Work item
Every record, from first to last, should be written out again exactly.

Extracted records

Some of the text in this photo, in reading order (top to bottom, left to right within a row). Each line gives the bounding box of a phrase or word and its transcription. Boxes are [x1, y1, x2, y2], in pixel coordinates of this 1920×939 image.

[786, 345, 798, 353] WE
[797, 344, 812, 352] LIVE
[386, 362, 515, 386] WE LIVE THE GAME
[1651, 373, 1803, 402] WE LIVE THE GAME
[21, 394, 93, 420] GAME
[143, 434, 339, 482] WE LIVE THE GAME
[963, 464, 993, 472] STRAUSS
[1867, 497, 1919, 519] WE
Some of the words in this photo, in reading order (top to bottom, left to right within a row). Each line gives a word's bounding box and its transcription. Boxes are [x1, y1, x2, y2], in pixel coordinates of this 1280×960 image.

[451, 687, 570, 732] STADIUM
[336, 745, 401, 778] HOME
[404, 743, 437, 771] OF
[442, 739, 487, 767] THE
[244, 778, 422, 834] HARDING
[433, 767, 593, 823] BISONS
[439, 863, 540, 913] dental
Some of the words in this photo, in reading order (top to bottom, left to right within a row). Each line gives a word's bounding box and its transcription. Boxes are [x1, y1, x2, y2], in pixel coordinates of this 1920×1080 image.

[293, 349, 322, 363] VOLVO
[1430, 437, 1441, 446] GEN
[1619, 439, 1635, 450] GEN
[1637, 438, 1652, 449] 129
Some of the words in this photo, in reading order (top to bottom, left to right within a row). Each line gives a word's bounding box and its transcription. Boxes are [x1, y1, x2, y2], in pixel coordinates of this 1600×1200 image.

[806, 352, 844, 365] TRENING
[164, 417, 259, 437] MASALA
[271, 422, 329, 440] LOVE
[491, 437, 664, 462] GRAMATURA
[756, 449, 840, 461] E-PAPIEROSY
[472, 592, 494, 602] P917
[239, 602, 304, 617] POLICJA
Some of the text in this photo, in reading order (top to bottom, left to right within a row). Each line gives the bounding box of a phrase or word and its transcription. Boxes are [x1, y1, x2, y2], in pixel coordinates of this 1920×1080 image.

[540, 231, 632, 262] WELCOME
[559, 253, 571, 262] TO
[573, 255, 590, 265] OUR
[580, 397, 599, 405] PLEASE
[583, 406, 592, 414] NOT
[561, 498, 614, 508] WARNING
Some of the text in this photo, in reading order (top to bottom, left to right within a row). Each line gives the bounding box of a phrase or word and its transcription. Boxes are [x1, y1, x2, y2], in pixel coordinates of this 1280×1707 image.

Task output
Some of the text in this photo, in reading order (top to bottom, left to right within a row). Each line gives the bounding box of a phrase or word and its transcription. Boxes are [x1, y1, x2, y2], in pixel coordinates of this 1920×939 image.

[786, 345, 798, 353] WE
[797, 344, 812, 352] LIVE
[386, 362, 515, 386] WE LIVE THE GAME
[1651, 373, 1803, 402] WE LIVE THE GAME
[21, 394, 93, 420] GAME
[143, 434, 339, 482] WE LIVE THE GAME
[963, 464, 993, 472] STRAUSS
[1867, 497, 1919, 519] WE
Some of the words in this photo, in reading order (top to bottom, left to right within a row). Each line gives a word's bounding box and its transcription. Boxes are [x1, y1, x2, y2], in pixel coordinates of this 1280×960 image.

[451, 687, 570, 732] STADIUM
[336, 745, 401, 778] HOME
[404, 743, 437, 771] OF
[442, 739, 487, 767] THE
[244, 778, 422, 834] HARDING
[433, 767, 593, 823] BISONS
[439, 863, 540, 913] dental
Some of the words in this photo, in reading order (top to bottom, left to right within a row). Each line gives a word's bounding box and its transcription. Boxes are [x1, y1, x2, y2], in pixel coordinates of this 1920×1080 image.

[293, 349, 322, 363] VOLVO
[1430, 437, 1441, 446] GEN
[1619, 439, 1635, 450] GEN
[1637, 438, 1652, 449] 129
Some of the words in this photo, in reading order (top to bottom, left to right within a row). Each line gives a word's bounding box and its transcription. Boxes are [x1, y1, x2, y2], in pixel coordinates of this 1600×1200 image.

[806, 352, 844, 365] TRENING
[164, 417, 259, 437] MASALA
[271, 422, 329, 440] LOVE
[491, 437, 664, 462] GRAMATURA
[756, 449, 840, 461] E-PAPIEROSY
[472, 592, 494, 602] P917
[239, 602, 304, 617] POLICJA
Some of the text in this photo, in reading order (top to bottom, left to right within a row). Each line gives the bounding box of a phrase or word and its transcription. Boxes are [x1, y1, x2, y2], in pixel coordinates of this 1920×1080 image.

[540, 231, 632, 262] WELCOME
[559, 253, 571, 262] TO
[573, 255, 590, 265] OUR
[580, 397, 599, 405] PLEASE
[583, 406, 592, 414] NOT
[561, 498, 614, 508] WARNING
Some of the text in this photo, in reading order (top to bottom, left to right within a row). Each line gives the bounding box of a phrase or word and its transcription. Boxes are [x1, y1, x2, y2], in pixel coordinates of this 1280×1707 image.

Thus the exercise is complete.